* [Exercise objective] Your answer must be the line holding "this 1440×1152 image." followed by every later line through the end of the entries, exactly as written.

(Beginning of Dataset entries)

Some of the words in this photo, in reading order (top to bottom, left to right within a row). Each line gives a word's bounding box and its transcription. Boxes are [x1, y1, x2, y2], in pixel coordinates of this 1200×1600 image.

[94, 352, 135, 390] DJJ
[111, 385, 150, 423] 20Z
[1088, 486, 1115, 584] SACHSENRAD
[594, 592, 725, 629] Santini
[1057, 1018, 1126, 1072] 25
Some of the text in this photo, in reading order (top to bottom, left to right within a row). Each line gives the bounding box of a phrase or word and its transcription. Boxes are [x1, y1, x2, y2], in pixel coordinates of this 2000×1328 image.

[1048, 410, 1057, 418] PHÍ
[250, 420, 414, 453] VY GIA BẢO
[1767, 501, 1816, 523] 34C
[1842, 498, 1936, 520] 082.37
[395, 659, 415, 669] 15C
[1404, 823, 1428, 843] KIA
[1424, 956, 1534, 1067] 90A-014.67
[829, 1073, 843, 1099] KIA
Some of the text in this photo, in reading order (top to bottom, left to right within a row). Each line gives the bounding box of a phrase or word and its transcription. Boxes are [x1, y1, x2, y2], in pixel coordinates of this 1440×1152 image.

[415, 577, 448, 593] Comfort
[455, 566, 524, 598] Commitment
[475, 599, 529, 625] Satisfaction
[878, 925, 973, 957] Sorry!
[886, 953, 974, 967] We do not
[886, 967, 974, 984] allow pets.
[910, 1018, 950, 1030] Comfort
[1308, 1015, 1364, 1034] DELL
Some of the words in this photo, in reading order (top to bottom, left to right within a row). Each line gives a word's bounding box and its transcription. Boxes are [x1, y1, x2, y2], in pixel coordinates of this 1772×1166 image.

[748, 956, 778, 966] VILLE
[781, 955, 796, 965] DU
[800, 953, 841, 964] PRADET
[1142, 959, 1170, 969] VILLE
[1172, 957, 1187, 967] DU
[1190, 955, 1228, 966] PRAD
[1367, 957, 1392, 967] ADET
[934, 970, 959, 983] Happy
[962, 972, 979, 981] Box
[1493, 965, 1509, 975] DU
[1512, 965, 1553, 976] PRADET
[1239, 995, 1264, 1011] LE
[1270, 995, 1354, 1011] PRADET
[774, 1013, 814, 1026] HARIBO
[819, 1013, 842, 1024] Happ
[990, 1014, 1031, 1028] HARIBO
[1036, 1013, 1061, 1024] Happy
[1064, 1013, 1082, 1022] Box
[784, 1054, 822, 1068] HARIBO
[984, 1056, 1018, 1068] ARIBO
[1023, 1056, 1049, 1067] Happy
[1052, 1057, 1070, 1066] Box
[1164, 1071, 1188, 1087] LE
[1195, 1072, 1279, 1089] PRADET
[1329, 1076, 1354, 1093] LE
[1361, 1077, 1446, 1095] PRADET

(End of Dataset entries)

* [Response area]
Some of the text in this photo, in reading order (top to bottom, left to right within a row). Each line gives the bounding box of a phrase or word and its transcription. Boxes are [x1, y1, x2, y2], in pixel coordinates of this 1440×1152 image.

[415, 577, 448, 593] Comfort
[455, 566, 524, 598] Commitment
[475, 599, 529, 625] Satisfaction
[878, 925, 973, 957] Sorry!
[886, 953, 974, 967] We do not
[886, 967, 974, 984] allow pets.
[910, 1018, 950, 1030] Comfort
[1308, 1015, 1364, 1034] DELL
Some of the words in this photo, in reading order (top to bottom, left to right within a row). Each line gives a word's bounding box and its transcription. Boxes are [x1, y1, x2, y2], in pixel coordinates of this 1772×1166 image.

[748, 956, 778, 966] VILLE
[781, 955, 796, 965] DU
[800, 953, 841, 964] PRADET
[1142, 959, 1170, 969] VILLE
[1172, 957, 1187, 967] DU
[1190, 955, 1228, 966] PRAD
[1367, 957, 1392, 967] ADET
[934, 970, 959, 983] Happy
[962, 972, 979, 981] Box
[1493, 965, 1509, 975] DU
[1512, 965, 1553, 976] PRADET
[1239, 995, 1264, 1011] LE
[1270, 995, 1354, 1011] PRADET
[774, 1013, 814, 1026] HARIBO
[819, 1013, 842, 1024] Happ
[990, 1014, 1031, 1028] HARIBO
[1036, 1013, 1061, 1024] Happy
[1064, 1013, 1082, 1022] Box
[784, 1054, 822, 1068] HARIBO
[984, 1056, 1018, 1068] ARIBO
[1023, 1056, 1049, 1067] Happy
[1052, 1057, 1070, 1066] Box
[1164, 1071, 1188, 1087] LE
[1195, 1072, 1279, 1089] PRADET
[1329, 1076, 1354, 1093] LE
[1361, 1077, 1446, 1095] PRADET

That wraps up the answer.